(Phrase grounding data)
^^^^
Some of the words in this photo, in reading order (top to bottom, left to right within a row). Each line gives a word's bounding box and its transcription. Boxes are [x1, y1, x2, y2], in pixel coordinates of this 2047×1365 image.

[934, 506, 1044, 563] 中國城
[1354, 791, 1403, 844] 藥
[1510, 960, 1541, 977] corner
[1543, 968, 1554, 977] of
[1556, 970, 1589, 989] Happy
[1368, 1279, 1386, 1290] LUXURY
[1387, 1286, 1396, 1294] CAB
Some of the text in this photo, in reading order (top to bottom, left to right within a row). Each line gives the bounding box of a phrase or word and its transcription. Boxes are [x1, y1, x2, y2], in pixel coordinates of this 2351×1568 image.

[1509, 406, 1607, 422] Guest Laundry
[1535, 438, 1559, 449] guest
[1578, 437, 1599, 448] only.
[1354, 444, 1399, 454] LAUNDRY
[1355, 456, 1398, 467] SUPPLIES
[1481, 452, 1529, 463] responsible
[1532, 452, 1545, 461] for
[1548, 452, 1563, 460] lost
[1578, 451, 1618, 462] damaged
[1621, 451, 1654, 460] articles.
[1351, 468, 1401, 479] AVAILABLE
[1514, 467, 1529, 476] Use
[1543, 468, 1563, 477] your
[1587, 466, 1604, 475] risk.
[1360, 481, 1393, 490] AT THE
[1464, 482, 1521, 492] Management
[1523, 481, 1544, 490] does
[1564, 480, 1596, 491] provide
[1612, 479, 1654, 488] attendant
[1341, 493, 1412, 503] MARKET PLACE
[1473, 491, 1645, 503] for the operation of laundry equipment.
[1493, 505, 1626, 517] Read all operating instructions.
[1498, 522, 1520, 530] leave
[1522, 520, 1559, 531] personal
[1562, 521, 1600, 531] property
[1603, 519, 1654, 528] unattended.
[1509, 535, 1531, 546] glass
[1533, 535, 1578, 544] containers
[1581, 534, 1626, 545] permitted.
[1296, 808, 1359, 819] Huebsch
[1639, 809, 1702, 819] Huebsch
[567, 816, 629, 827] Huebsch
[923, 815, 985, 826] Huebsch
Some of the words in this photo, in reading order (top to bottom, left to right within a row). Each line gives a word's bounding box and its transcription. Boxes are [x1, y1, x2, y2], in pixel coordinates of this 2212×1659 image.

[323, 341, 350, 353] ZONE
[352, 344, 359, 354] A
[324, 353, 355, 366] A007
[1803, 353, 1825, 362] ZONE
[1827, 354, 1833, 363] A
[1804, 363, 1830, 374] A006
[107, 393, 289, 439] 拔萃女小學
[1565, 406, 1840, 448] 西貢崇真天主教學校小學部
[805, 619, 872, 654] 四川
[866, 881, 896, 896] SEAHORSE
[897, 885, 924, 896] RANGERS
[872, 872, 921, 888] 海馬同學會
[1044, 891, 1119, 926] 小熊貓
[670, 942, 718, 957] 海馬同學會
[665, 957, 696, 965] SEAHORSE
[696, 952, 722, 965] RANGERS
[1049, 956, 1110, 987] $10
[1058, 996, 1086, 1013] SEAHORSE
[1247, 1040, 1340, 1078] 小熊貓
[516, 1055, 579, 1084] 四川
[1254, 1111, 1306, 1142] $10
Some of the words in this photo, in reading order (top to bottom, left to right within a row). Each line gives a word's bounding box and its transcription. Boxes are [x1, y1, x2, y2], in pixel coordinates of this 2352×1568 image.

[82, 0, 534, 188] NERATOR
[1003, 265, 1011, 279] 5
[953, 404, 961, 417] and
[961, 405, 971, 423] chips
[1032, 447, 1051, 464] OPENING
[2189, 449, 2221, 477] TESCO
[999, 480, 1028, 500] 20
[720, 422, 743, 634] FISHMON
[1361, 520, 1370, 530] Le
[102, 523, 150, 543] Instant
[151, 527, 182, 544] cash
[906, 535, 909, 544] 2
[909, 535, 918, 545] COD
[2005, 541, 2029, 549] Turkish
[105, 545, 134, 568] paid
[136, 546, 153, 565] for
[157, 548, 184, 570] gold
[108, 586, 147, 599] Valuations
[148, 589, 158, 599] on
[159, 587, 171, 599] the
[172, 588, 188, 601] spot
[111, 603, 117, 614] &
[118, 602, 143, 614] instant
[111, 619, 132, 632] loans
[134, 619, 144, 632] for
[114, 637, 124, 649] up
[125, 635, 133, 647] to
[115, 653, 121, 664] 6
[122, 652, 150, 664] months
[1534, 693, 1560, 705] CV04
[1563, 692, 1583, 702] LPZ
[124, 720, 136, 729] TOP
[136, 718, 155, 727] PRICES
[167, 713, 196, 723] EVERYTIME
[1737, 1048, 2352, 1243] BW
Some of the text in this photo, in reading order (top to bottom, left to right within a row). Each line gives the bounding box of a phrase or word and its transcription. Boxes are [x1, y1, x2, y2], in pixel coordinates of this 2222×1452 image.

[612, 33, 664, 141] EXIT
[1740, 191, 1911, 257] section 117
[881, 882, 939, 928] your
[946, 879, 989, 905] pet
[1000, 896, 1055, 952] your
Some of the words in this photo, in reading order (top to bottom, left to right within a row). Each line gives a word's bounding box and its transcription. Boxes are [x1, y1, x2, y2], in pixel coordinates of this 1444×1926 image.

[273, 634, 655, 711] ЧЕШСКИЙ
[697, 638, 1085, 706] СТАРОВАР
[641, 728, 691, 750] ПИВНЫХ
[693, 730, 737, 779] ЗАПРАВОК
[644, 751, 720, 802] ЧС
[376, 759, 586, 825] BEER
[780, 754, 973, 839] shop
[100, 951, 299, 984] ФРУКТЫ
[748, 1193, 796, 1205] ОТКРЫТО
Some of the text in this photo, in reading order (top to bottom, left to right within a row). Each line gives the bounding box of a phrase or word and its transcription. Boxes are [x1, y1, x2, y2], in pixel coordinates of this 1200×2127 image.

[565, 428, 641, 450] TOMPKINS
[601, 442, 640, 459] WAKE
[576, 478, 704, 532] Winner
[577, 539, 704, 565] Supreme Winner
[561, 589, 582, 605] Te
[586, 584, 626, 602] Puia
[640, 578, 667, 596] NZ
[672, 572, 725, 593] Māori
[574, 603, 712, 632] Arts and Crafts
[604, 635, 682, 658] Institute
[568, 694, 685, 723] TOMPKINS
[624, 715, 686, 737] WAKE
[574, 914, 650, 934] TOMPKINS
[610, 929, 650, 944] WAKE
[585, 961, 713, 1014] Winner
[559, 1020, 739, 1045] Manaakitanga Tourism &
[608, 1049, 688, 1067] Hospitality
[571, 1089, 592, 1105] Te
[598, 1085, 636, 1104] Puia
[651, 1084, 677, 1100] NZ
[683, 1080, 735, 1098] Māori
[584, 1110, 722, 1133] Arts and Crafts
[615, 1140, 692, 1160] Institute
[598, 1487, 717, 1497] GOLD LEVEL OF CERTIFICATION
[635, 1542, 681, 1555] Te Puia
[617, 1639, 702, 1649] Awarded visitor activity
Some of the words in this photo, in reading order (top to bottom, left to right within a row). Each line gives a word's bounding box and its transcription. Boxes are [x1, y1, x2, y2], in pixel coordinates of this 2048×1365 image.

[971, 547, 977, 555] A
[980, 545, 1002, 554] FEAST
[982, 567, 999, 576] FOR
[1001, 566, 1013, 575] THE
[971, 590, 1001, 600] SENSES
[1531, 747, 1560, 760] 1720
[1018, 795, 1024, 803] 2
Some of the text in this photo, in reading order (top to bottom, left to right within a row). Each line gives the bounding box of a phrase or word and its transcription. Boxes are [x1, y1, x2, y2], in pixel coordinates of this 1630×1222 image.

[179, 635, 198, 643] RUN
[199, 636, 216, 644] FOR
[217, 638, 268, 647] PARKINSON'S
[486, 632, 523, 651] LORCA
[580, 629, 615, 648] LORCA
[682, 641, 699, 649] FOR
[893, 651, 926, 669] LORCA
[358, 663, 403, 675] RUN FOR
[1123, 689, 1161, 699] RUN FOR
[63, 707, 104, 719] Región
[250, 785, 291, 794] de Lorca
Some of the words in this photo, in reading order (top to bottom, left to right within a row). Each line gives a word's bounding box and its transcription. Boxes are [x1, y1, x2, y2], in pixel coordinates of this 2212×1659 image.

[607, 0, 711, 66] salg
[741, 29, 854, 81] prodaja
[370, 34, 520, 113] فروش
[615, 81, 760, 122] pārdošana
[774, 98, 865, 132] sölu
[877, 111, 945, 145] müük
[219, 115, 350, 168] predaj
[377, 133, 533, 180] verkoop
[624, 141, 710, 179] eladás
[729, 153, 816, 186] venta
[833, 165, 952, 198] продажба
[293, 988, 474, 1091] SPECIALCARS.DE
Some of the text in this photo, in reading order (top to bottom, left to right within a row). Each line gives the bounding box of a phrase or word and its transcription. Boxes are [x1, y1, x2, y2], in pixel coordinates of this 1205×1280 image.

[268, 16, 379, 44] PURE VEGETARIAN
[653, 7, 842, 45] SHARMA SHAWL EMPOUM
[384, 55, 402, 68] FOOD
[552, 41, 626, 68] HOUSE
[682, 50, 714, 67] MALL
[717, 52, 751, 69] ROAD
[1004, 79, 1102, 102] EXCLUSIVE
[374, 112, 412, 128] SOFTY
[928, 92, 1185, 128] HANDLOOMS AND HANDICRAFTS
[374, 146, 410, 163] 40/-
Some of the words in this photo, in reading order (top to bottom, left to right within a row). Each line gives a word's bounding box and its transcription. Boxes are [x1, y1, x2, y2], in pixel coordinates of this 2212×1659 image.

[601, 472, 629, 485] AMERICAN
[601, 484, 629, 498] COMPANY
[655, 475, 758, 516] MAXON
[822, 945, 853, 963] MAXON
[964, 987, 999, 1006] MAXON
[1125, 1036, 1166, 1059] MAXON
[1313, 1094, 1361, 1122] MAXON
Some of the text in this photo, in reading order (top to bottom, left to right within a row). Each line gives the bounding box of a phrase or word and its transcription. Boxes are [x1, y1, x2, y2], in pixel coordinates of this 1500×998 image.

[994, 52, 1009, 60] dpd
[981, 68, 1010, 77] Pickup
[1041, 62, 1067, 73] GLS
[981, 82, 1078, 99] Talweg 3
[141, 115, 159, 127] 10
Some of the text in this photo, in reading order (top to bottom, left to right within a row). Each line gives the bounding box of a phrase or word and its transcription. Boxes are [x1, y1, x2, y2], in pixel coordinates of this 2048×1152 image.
^^^^
To do
Each line from the one that contains "this 1500×998 image." through the end of the records must be repeated exactly. No other line belongs in the answer.

Written response
Some of the text in this photo, in reading order (top to bottom, left to right within a row). Each line gives the bounding box of a phrase or word and its transcription. Boxes are [x1, y1, x2, y2], in pixel coordinates of this 1500×998 image.

[994, 52, 1009, 60] dpd
[981, 68, 1010, 77] Pickup
[1041, 62, 1067, 73] GLS
[981, 82, 1078, 99] Talweg 3
[141, 115, 159, 127] 10
Some of the text in this photo, in reading order (top to bottom, left to right within a row). Each line gives the bounding box of a phrase or word and its transcription. Boxes are [x1, y1, x2, y2], in pixel coordinates of this 2048×1152 image.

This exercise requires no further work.